[Opening Given records section]
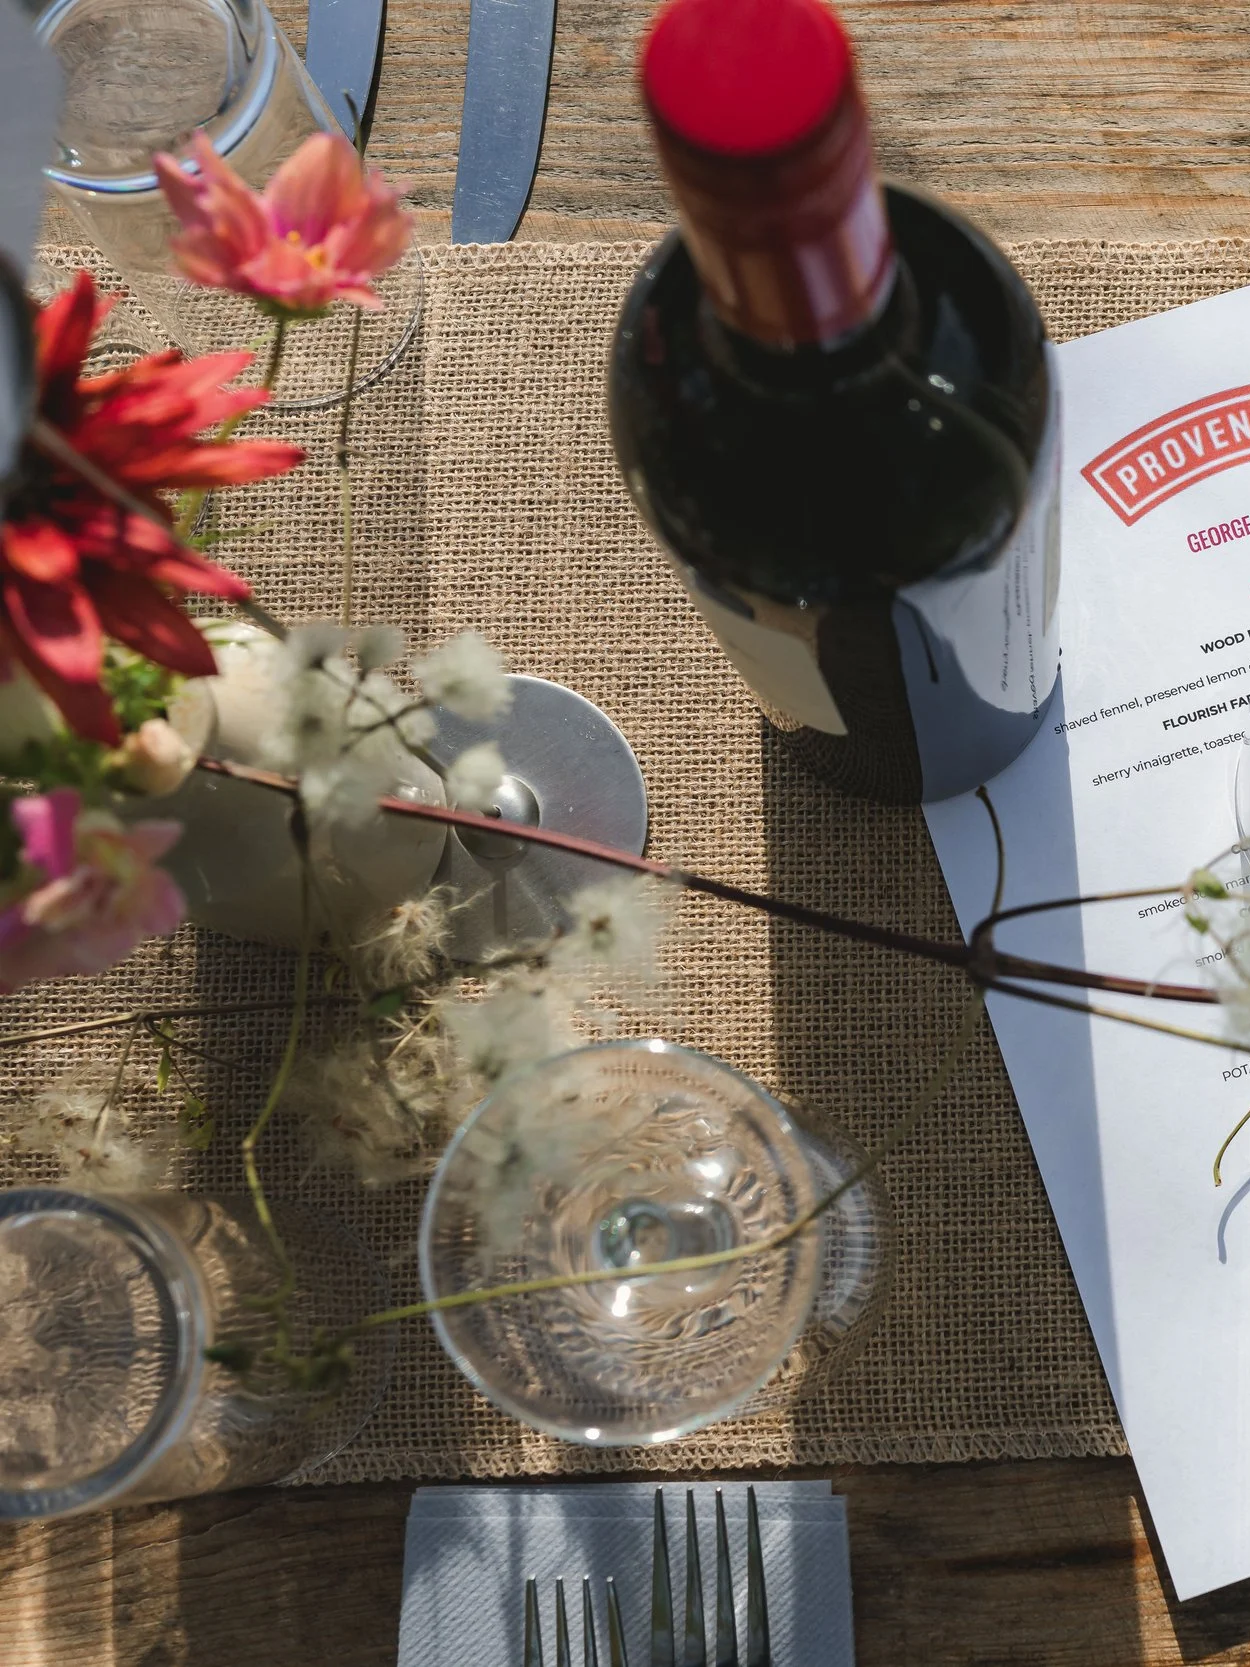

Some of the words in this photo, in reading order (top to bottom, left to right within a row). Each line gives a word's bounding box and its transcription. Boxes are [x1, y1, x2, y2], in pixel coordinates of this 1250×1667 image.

[1200, 631, 1245, 654] WOOD
[1053, 707, 1098, 735] shaved
[1099, 696, 1144, 720] fennel,
[1144, 677, 1206, 707] preserved
[1206, 665, 1248, 686] lemon
[1162, 702, 1228, 731] FLOURISH
[1092, 767, 1131, 788] sherry
[1132, 745, 1204, 774] vinaigrette,
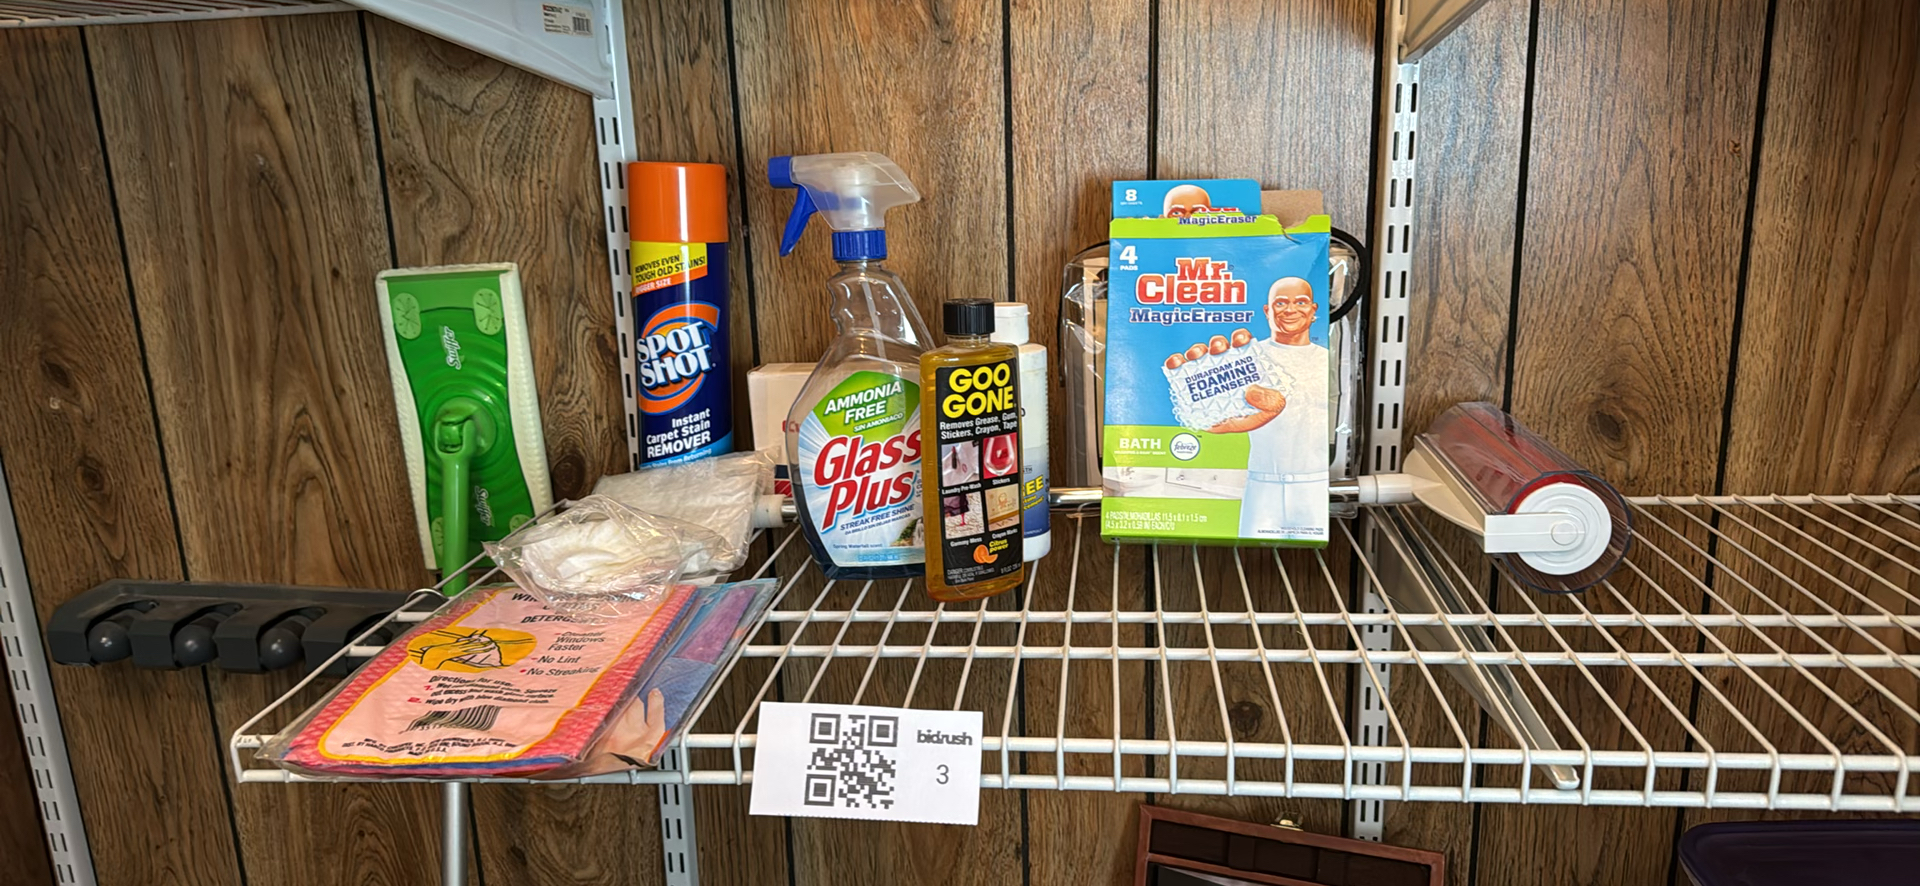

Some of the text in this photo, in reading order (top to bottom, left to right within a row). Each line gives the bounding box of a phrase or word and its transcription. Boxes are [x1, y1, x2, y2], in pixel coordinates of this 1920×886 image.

[1125, 189, 1137, 201] 8
[1178, 215, 1257, 226] MagicEraser
[661, 255, 680, 266] EVEN
[1120, 246, 1138, 264] 4
[657, 265, 673, 277] OLD
[675, 256, 706, 272] STINS!
[1176, 258, 1230, 280] Mr.
[656, 277, 671, 288] SIZE
[1137, 275, 1247, 304] Clean
[1131, 309, 1254, 324] MagicEraser
[442, 326, 461, 370] Swiffer
[636, 321, 704, 363] SPOT
[640, 344, 711, 387] SHOT
[1185, 356, 1253, 384] DURAFOAM AND
[949, 362, 1010, 393] GOO
[1188, 363, 1257, 394] FOAMING
[1191, 373, 1261, 402] CLEANSERS
[824, 381, 903, 415] AMMONIA
[942, 386, 1014, 419] GONE
[672, 408, 710, 428] Instant
[844, 401, 886, 424] FREE
[940, 420, 974, 431] Removes
[975, 415, 1001, 426] Grease,
[1002, 412, 1018, 421] Gum,
[646, 420, 711, 444] Carpet Stain
[941, 421, 1017, 439] Stickers, Crayon, Tape
[646, 431, 711, 458] REMOVER
[1119, 438, 1161, 449] BATH
[814, 430, 921, 486] Glass
[474, 486, 490, 526] Swiffer
[822, 472, 914, 531] Plus
[840, 517, 871, 531] STREAK
[870, 512, 891, 523] FREE
[556, 656, 581, 664] Lint
[526, 667, 544, 676] No
[917, 729, 973, 746] bidrush
[936, 764, 950, 785] 3
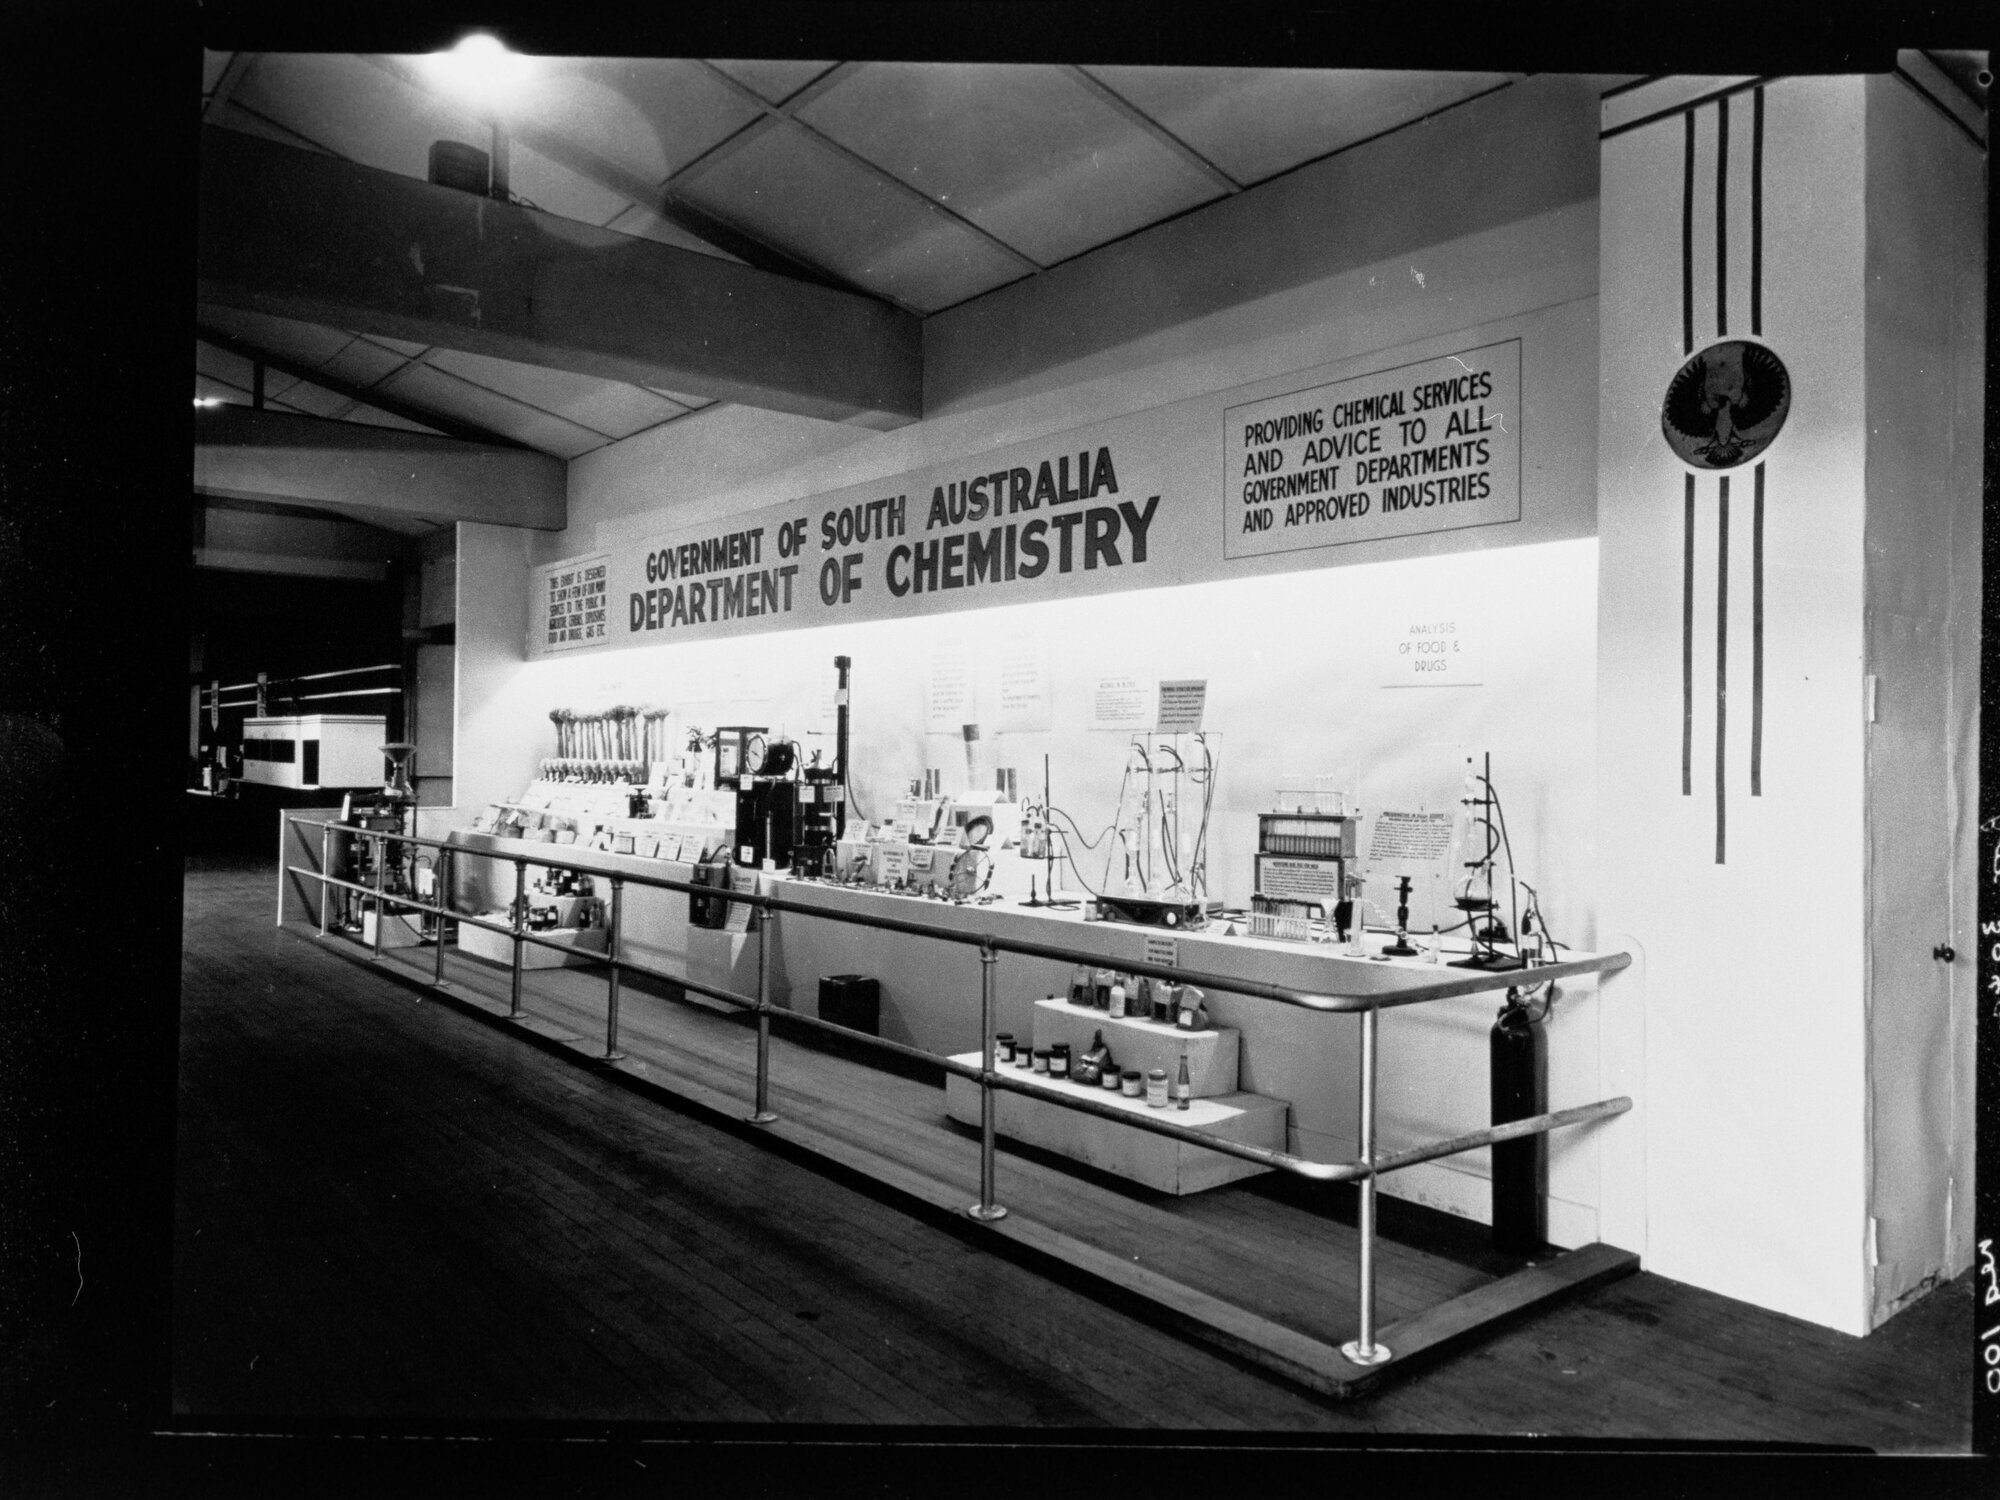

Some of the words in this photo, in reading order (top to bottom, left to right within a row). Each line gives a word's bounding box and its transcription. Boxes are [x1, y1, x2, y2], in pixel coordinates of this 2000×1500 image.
[Closing Given records section]
Work order ▸ The entries above must be restated exactly in the answer, and the pictures left out.

Output for this exercise ▸
Some of the words in this photo, in reading order (top to bottom, left to right within a row). Each line gives a word's bounding box and its transcription. Boxes are [x1, y1, x2, y2], in pixel coordinates of this 1250×1667 image.

[1200, 631, 1245, 654] WOOD
[1053, 707, 1098, 735] shaved
[1099, 696, 1144, 720] fennel,
[1144, 677, 1206, 707] preserved
[1206, 665, 1248, 686] lemon
[1162, 702, 1228, 731] FLOURISH
[1092, 767, 1131, 788] sherry
[1132, 745, 1204, 774] vinaigrette,

Some of the text in this photo, in reading order (top to bottom, left to right within a row). Each line gives the bounding box of a phrase or word and its transcription. Boxes are [x1, y1, x2, y2], in pixel coordinates of this 1920×886 image.

[1125, 189, 1137, 201] 8
[1178, 215, 1257, 226] MagicEraser
[661, 255, 680, 266] EVEN
[1120, 246, 1138, 264] 4
[657, 265, 673, 277] OLD
[675, 256, 706, 272] STINS!
[1176, 258, 1230, 280] Mr.
[656, 277, 671, 288] SIZE
[1137, 275, 1247, 304] Clean
[1131, 309, 1254, 324] MagicEraser
[442, 326, 461, 370] Swiffer
[636, 321, 704, 363] SPOT
[640, 344, 711, 387] SHOT
[1185, 356, 1253, 384] DURAFOAM AND
[949, 362, 1010, 393] GOO
[1188, 363, 1257, 394] FOAMING
[1191, 373, 1261, 402] CLEANSERS
[824, 381, 903, 415] AMMONIA
[942, 386, 1014, 419] GONE
[672, 408, 710, 428] Instant
[844, 401, 886, 424] FREE
[940, 420, 974, 431] Removes
[975, 415, 1001, 426] Grease,
[1002, 412, 1018, 421] Gum,
[646, 420, 711, 444] Carpet Stain
[941, 421, 1017, 439] Stickers, Crayon, Tape
[646, 431, 711, 458] REMOVER
[1119, 438, 1161, 449] BATH
[814, 430, 921, 486] Glass
[474, 486, 490, 526] Swiffer
[822, 472, 914, 531] Plus
[840, 517, 871, 531] STREAK
[870, 512, 891, 523] FREE
[556, 656, 581, 664] Lint
[526, 667, 544, 676] No
[917, 729, 973, 746] bidrush
[936, 764, 950, 785] 3

Some of the words in this photo, in reading order (top to bottom, left to right within a row). Each line gives a word's bounding box and its transcription. Boxes are [x1, y1, x2, y2], in pixel coordinates of this 2000×1500 image.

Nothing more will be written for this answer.